**** Data for review ****

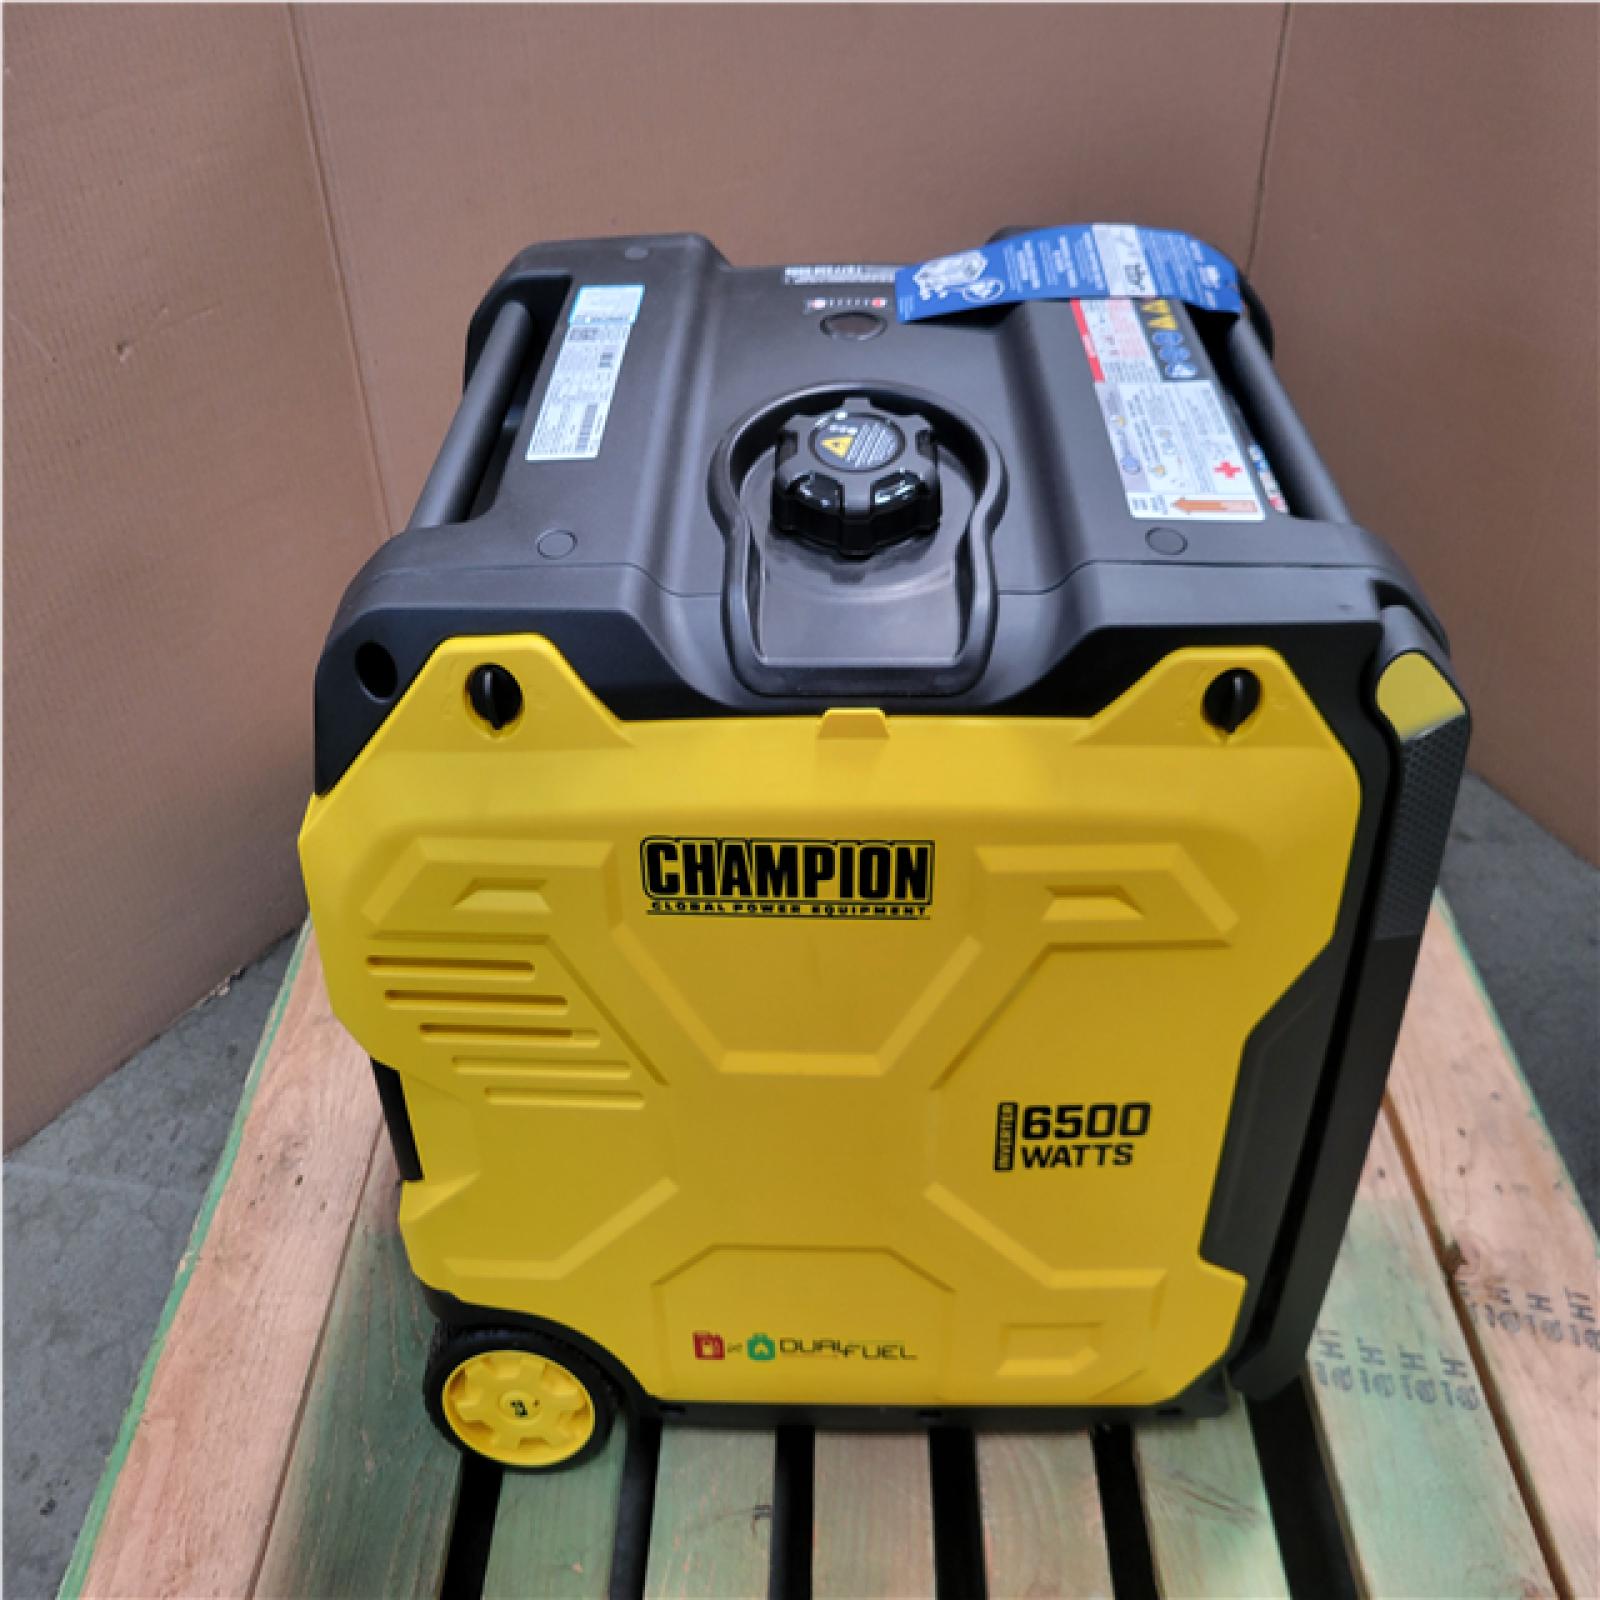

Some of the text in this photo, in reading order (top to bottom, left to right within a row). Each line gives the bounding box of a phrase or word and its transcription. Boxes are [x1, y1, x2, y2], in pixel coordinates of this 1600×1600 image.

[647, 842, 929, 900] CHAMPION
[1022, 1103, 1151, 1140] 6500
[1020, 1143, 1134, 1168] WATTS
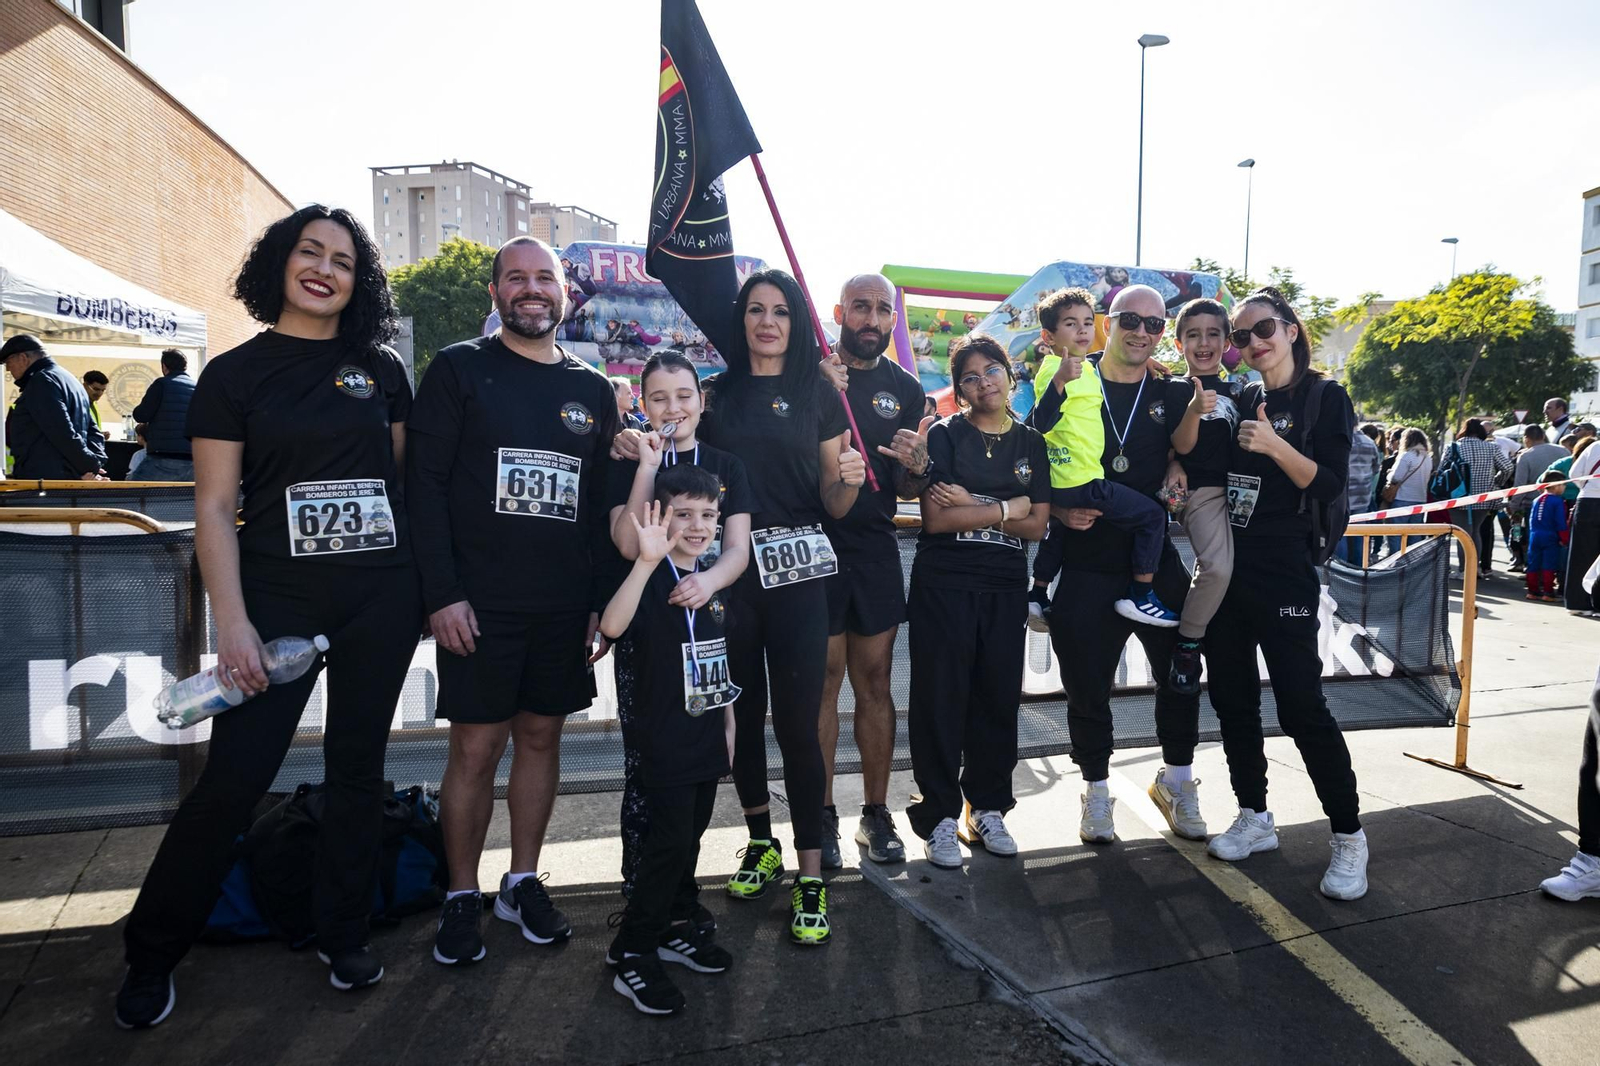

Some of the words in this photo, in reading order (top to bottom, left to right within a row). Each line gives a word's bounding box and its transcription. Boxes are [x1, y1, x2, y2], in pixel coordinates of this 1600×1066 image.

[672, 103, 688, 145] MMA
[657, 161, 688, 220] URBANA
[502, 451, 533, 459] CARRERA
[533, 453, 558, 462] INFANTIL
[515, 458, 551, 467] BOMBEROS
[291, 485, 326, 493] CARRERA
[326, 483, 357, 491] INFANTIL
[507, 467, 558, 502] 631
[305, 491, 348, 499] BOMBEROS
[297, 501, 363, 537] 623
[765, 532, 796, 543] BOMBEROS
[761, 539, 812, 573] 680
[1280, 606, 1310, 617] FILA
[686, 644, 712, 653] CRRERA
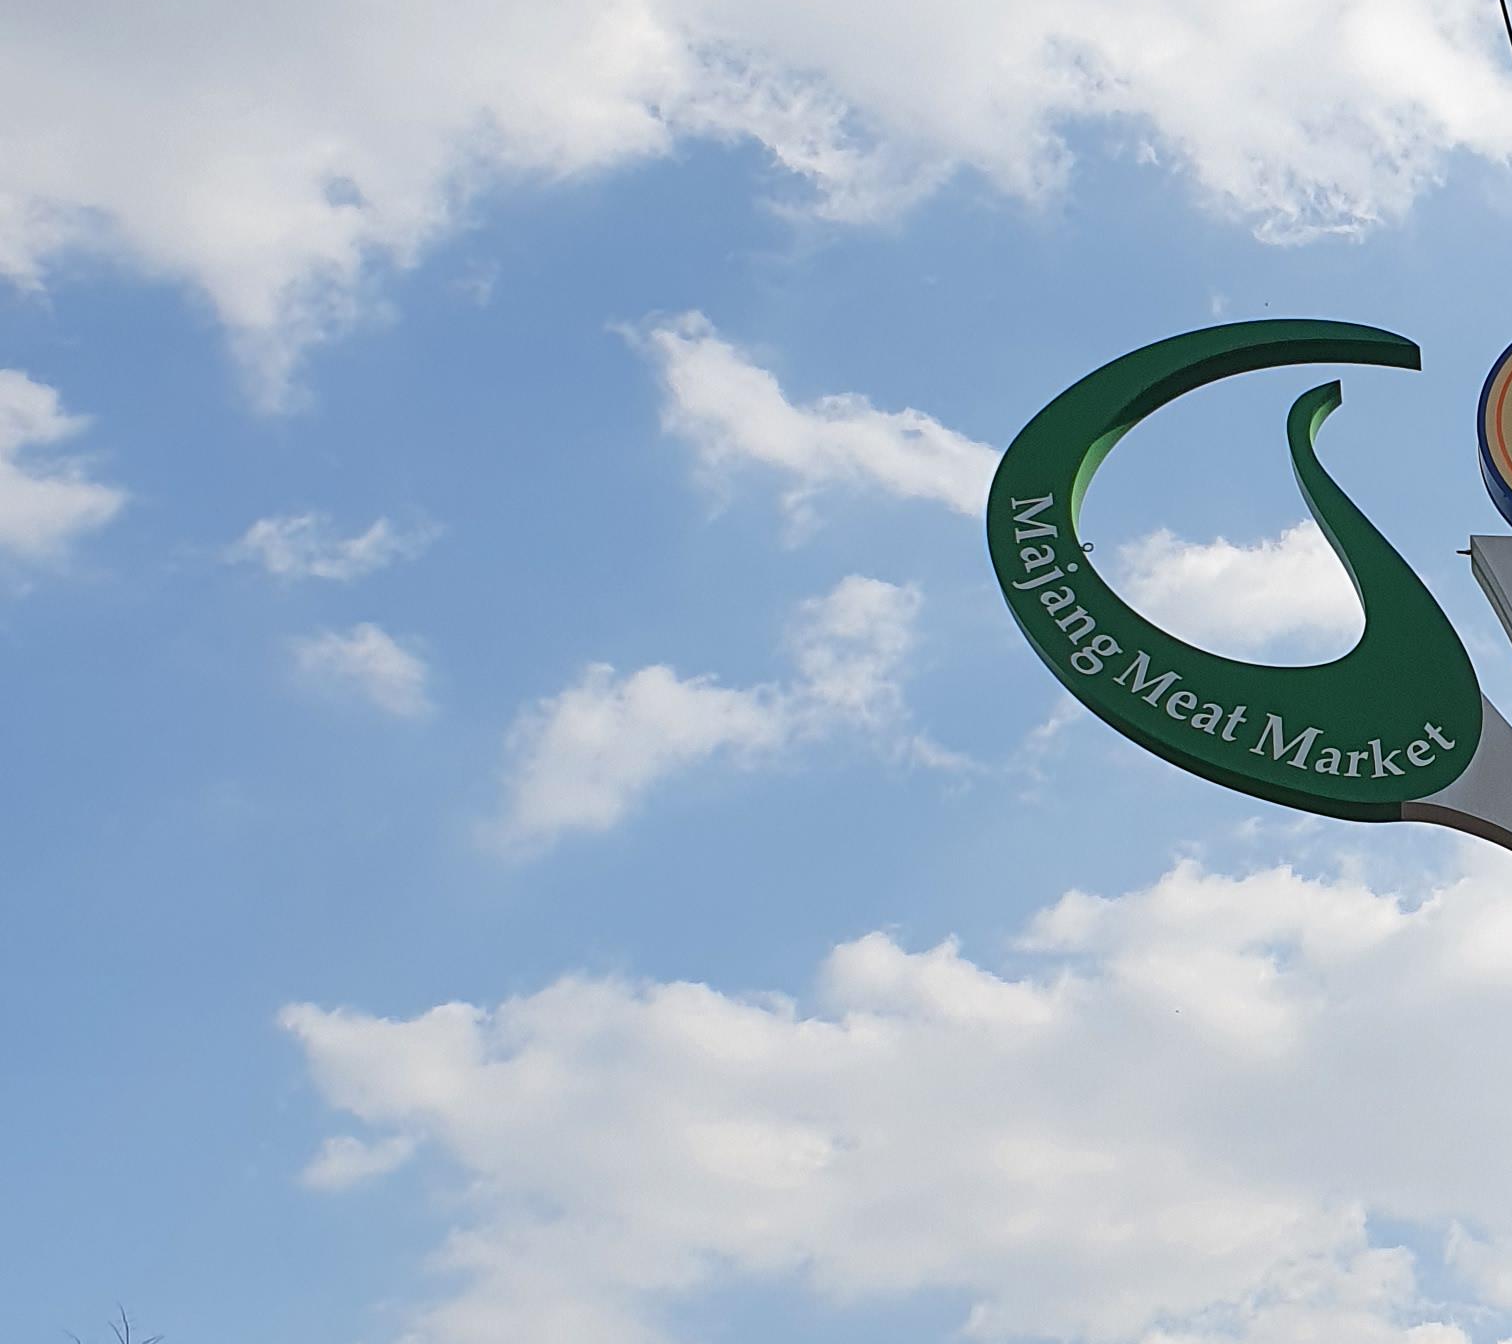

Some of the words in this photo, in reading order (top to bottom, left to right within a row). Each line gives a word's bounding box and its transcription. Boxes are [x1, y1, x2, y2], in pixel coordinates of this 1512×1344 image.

****

_Task requirements:_ The complete set of records should be written out again, pictures excluded.

_Problem solution:_
Some of the text in this photo, in reading order (top to bottom, left to right within a row). Each line gives the bounding box of a phrase or word and its transcription. Boxes are [x1, y1, x2, y2], in pixel coordinates of this 1600×1600 image.

[647, 842, 929, 900] CHAMPION
[1022, 1103, 1151, 1140] 6500
[1020, 1143, 1134, 1168] WATTS

Some of the words in this photo, in reading order (top to bottom, left to right within a row). Each line gives a word's bounding box and its transcription. Boxes are [x1, y1, x2, y2], in pixel coordinates of this 1600×1066 image.

[672, 103, 688, 145] MMA
[657, 161, 688, 220] URBANA
[502, 451, 533, 459] CARRERA
[533, 453, 558, 462] INFANTIL
[515, 458, 551, 467] BOMBEROS
[291, 485, 326, 493] CARRERA
[326, 483, 357, 491] INFANTIL
[507, 467, 558, 502] 631
[305, 491, 348, 499] BOMBEROS
[297, 501, 363, 537] 623
[765, 532, 796, 543] BOMBEROS
[761, 539, 812, 573] 680
[1280, 606, 1310, 617] FILA
[686, 644, 712, 653] CRRERA

Some of the words in this photo, in reading order (top to bottom, left to right within a row). Each line gives a word's bounding box and its transcription. Boxes are [x1, y1, x2, y2], in pixel coordinates of this 1512×1344 image.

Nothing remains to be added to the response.